» YOUR INSTRUCTIONS: Would you please write out each entry that follows, exactly as written?

+++

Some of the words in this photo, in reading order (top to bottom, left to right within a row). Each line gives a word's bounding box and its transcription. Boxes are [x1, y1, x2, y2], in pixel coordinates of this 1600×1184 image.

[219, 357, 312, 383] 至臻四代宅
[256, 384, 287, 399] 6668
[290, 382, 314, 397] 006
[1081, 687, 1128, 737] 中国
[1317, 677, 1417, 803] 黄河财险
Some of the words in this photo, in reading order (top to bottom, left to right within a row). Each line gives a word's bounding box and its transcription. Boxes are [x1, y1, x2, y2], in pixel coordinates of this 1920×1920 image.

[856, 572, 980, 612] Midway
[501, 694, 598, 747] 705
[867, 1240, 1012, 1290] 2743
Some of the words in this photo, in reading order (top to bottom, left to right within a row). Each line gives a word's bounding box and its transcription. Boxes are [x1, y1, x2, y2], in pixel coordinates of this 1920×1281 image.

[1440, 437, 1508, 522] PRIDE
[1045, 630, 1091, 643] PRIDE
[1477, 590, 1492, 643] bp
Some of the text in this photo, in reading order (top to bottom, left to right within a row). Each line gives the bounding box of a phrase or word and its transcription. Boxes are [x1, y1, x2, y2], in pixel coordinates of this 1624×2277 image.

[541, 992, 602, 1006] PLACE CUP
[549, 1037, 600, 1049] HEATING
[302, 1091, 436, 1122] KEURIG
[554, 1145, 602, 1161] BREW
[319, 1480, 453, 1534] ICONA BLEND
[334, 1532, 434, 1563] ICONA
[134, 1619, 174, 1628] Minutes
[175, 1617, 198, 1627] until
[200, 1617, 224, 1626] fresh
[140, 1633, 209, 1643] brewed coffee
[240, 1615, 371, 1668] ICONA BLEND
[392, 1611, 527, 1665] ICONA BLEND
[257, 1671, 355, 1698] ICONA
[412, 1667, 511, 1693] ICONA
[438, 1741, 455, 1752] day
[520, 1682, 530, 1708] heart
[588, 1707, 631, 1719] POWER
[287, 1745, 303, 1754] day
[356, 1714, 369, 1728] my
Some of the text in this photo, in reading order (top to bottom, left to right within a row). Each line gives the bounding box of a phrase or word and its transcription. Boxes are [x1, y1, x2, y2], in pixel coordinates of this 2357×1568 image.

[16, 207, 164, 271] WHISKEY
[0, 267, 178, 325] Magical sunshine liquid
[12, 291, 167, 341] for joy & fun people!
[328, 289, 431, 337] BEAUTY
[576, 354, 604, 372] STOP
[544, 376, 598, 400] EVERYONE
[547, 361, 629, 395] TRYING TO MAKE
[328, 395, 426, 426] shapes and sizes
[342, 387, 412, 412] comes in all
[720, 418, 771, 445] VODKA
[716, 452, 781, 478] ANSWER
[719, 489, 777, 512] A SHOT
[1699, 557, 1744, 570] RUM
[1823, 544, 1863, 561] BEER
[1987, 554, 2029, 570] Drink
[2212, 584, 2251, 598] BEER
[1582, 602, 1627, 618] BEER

+++

» ANSWER FOR THIS EXERCISE:
Some of the words in this photo, in reading order (top to bottom, left to right within a row). Each line gives a word's bounding box and its transcription. Boxes are [x1, y1, x2, y2], in pixel coordinates of this 1600×1184 image.

[219, 357, 312, 383] 至臻四代宅
[256, 384, 287, 399] 6668
[290, 382, 314, 397] 006
[1081, 687, 1128, 737] 中国
[1317, 677, 1417, 803] 黄河财险
Some of the words in this photo, in reading order (top to bottom, left to right within a row). Each line gives a word's bounding box and its transcription. Boxes are [x1, y1, x2, y2], in pixel coordinates of this 1920×1920 image.

[856, 572, 980, 612] Midway
[501, 694, 598, 747] 705
[867, 1240, 1012, 1290] 2743
Some of the words in this photo, in reading order (top to bottom, left to right within a row). Each line gives a word's bounding box and its transcription. Boxes are [x1, y1, x2, y2], in pixel coordinates of this 1920×1281 image.

[1440, 437, 1508, 522] PRIDE
[1045, 630, 1091, 643] PRIDE
[1477, 590, 1492, 643] bp
Some of the text in this photo, in reading order (top to bottom, left to right within a row). Each line gives the bounding box of a phrase or word and its transcription. Boxes are [x1, y1, x2, y2], in pixel coordinates of this 1624×2277 image.

[541, 992, 602, 1006] PLACE CUP
[549, 1037, 600, 1049] HEATING
[302, 1091, 436, 1122] KEURIG
[554, 1145, 602, 1161] BREW
[319, 1480, 453, 1534] ICONA BLEND
[334, 1532, 434, 1563] ICONA
[134, 1619, 174, 1628] Minutes
[175, 1617, 198, 1627] until
[200, 1617, 224, 1626] fresh
[140, 1633, 209, 1643] brewed coffee
[240, 1615, 371, 1668] ICONA BLEND
[392, 1611, 527, 1665] ICONA BLEND
[257, 1671, 355, 1698] ICONA
[412, 1667, 511, 1693] ICONA
[438, 1741, 455, 1752] day
[520, 1682, 530, 1708] heart
[588, 1707, 631, 1719] POWER
[287, 1745, 303, 1754] day
[356, 1714, 369, 1728] my
Some of the text in this photo, in reading order (top to bottom, left to right within a row). Each line gives the bounding box of a phrase or word and its transcription. Boxes are [x1, y1, x2, y2], in pixel coordinates of this 2357×1568 image.

[16, 207, 164, 271] WHISKEY
[0, 267, 178, 325] Magical sunshine liquid
[12, 291, 167, 341] for joy & fun people!
[328, 289, 431, 337] BEAUTY
[576, 354, 604, 372] STOP
[544, 376, 598, 400] EVERYONE
[547, 361, 629, 395] TRYING TO MAKE
[328, 395, 426, 426] shapes and sizes
[342, 387, 412, 412] comes in all
[720, 418, 771, 445] VODKA
[716, 452, 781, 478] ANSWER
[719, 489, 777, 512] A SHOT
[1699, 557, 1744, 570] RUM
[1823, 544, 1863, 561] BEER
[1987, 554, 2029, 570] Drink
[2212, 584, 2251, 598] BEER
[1582, 602, 1627, 618] BEER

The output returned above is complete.